--- Exercise goal ---
The records that follow must be reproduced in full, with every picture excluded.

Referring expression grounding data
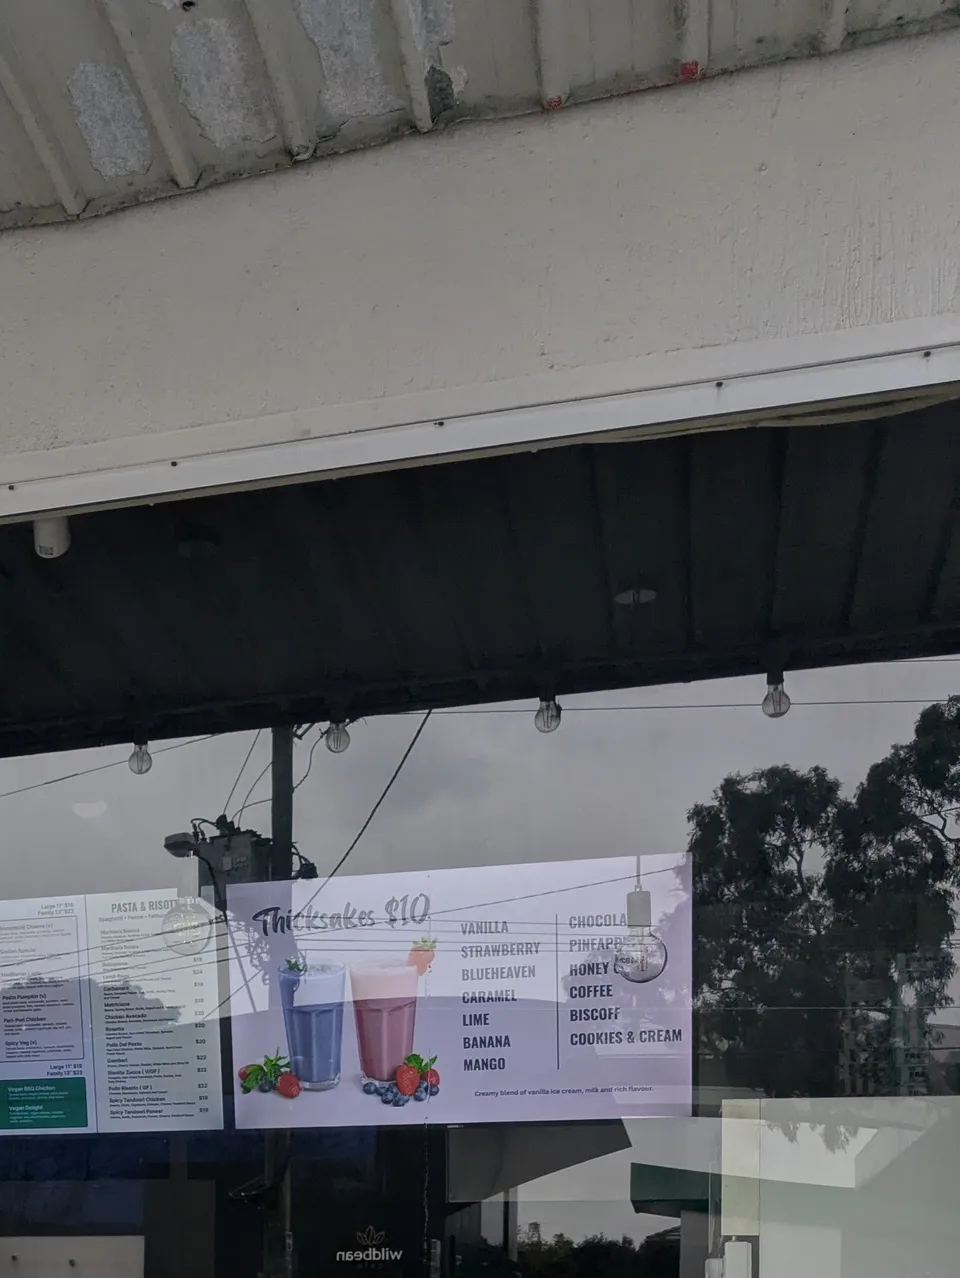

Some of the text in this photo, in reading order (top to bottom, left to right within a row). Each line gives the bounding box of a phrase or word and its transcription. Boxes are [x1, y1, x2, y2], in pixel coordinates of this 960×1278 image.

[111, 899, 177, 913] PASTA & RISOT
[385, 892, 430, 928] $10
[569, 913, 627, 928] CHOCOLA
[461, 921, 508, 935] VANILLA
[461, 942, 540, 958] STRAWBERRY
[569, 937, 622, 952] PINEAPP
[462, 965, 535, 981] BLUEHEAVEN
[570, 962, 609, 976] HONEY
[462, 989, 517, 1004] CARAMEL
[570, 985, 613, 999] COFFEE
[463, 1013, 489, 1027] LIME
[570, 1007, 620, 1022] BISCOFF
[463, 1035, 510, 1049] BANANA
[570, 1029, 682, 1045] COOKIES & CREAM
[464, 1058, 505, 1071] MANGO
[474, 1090, 499, 1098] Creamy
[561, 1088, 584, 1096] cream,
[25, 1104, 43, 1112] Delight
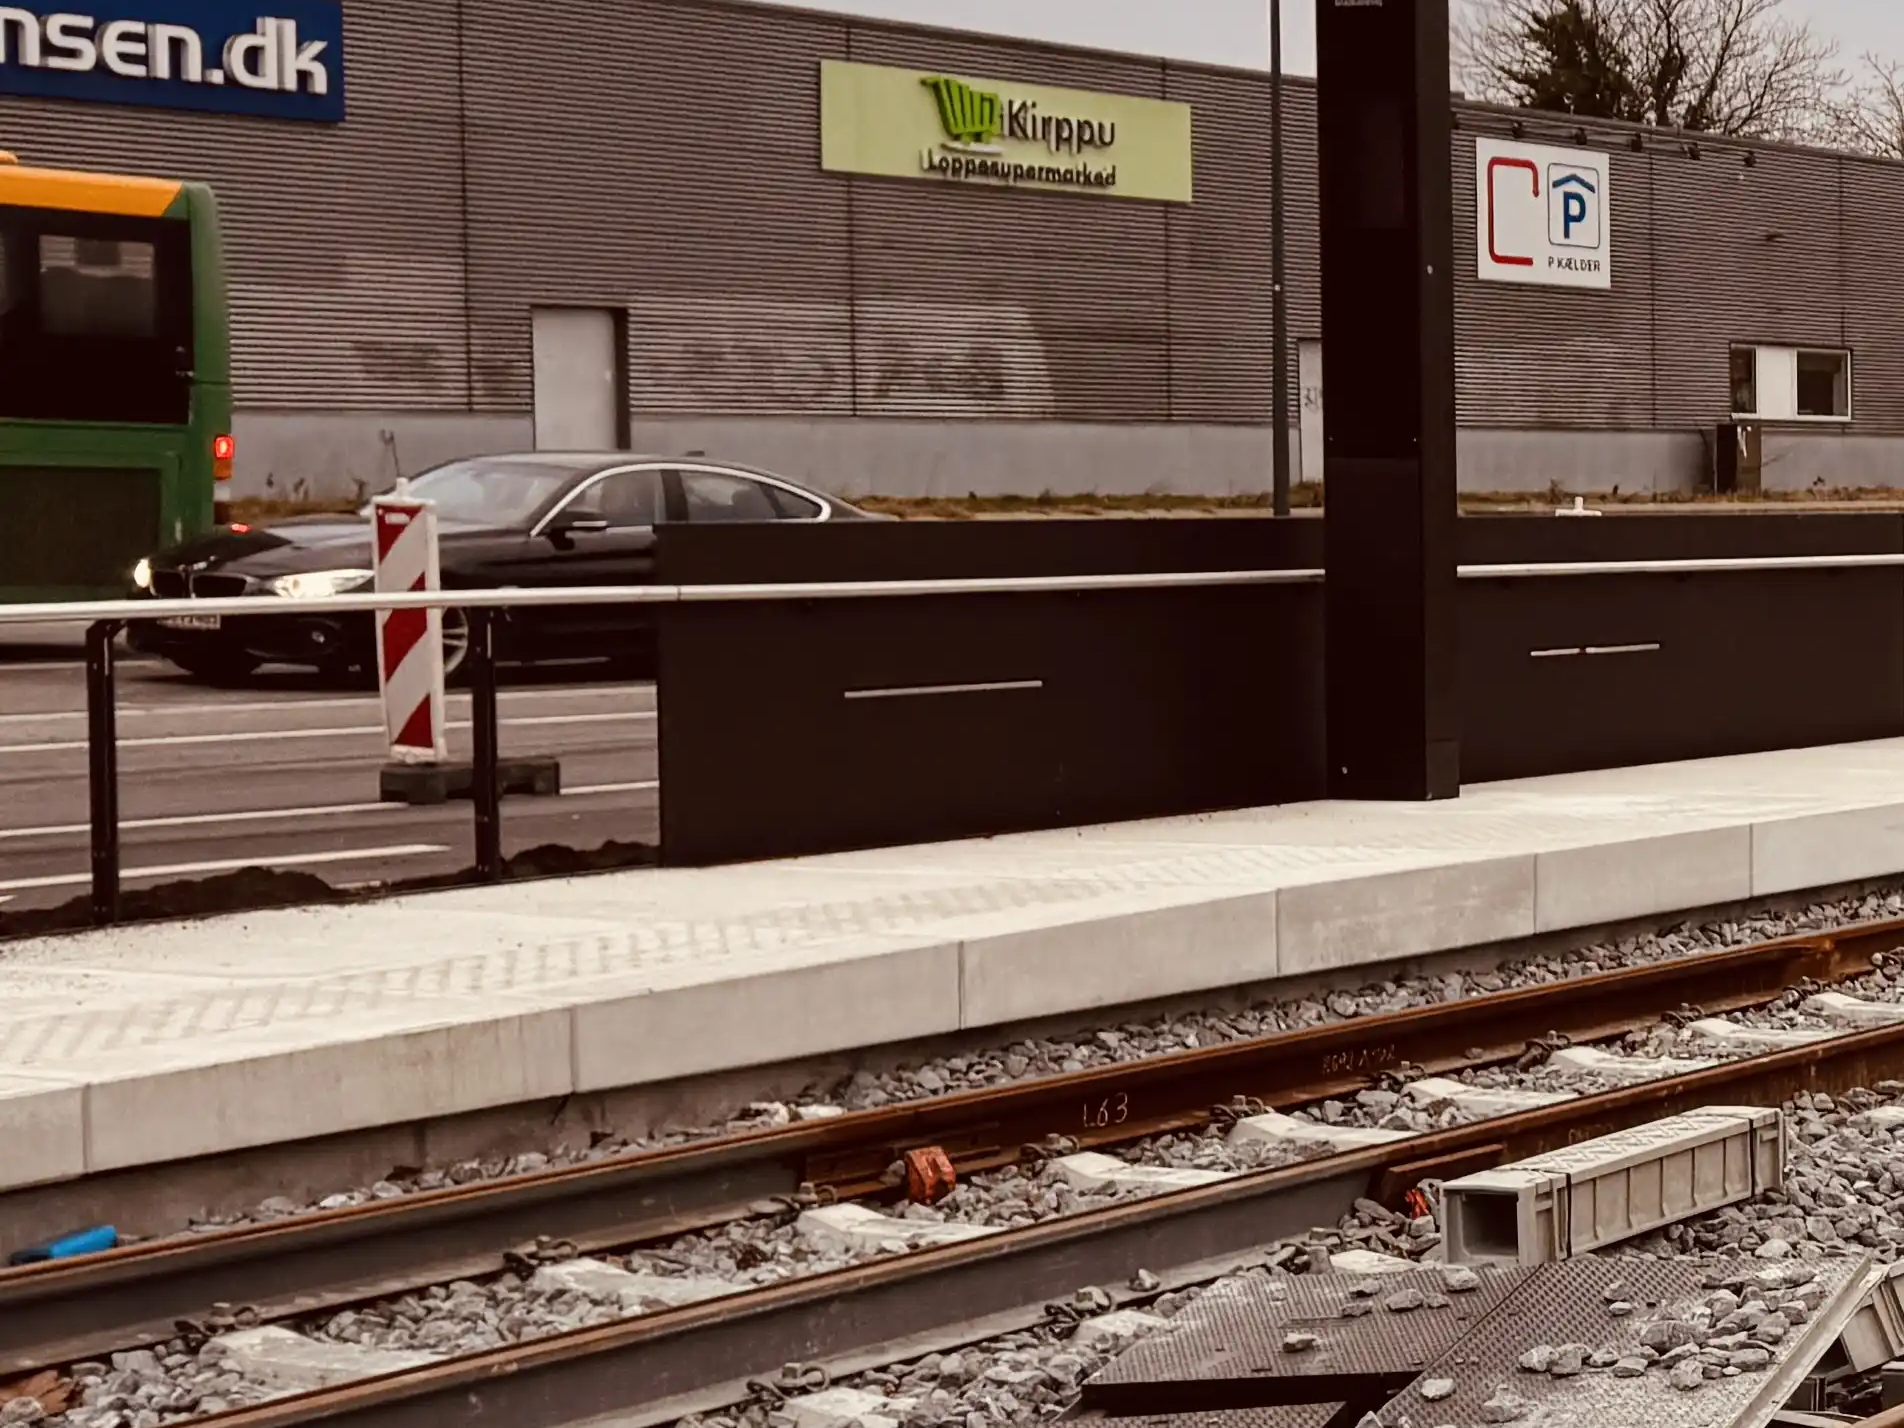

--- Result of the task ---
Some of the text in this photo, in reading order (top to bottom, left to right within a row). Each line gives the bounding box of a phrase or word and its transcription. Boxes are [x1, y1, x2, y2], in pixel coordinates of this 960×1278 image.

[111, 899, 177, 913] PASTA & RISOT
[385, 892, 430, 928] $10
[569, 913, 627, 928] CHOCOLA
[461, 921, 508, 935] VANILLA
[461, 942, 540, 958] STRAWBERRY
[569, 937, 622, 952] PINEAPP
[462, 965, 535, 981] BLUEHEAVEN
[570, 962, 609, 976] HONEY
[462, 989, 517, 1004] CARAMEL
[570, 985, 613, 999] COFFEE
[463, 1013, 489, 1027] LIME
[570, 1007, 620, 1022] BISCOFF
[463, 1035, 510, 1049] BANANA
[570, 1029, 682, 1045] COOKIES & CREAM
[464, 1058, 505, 1071] MANGO
[474, 1090, 499, 1098] Creamy
[561, 1088, 584, 1096] cream,
[25, 1104, 43, 1112] Delight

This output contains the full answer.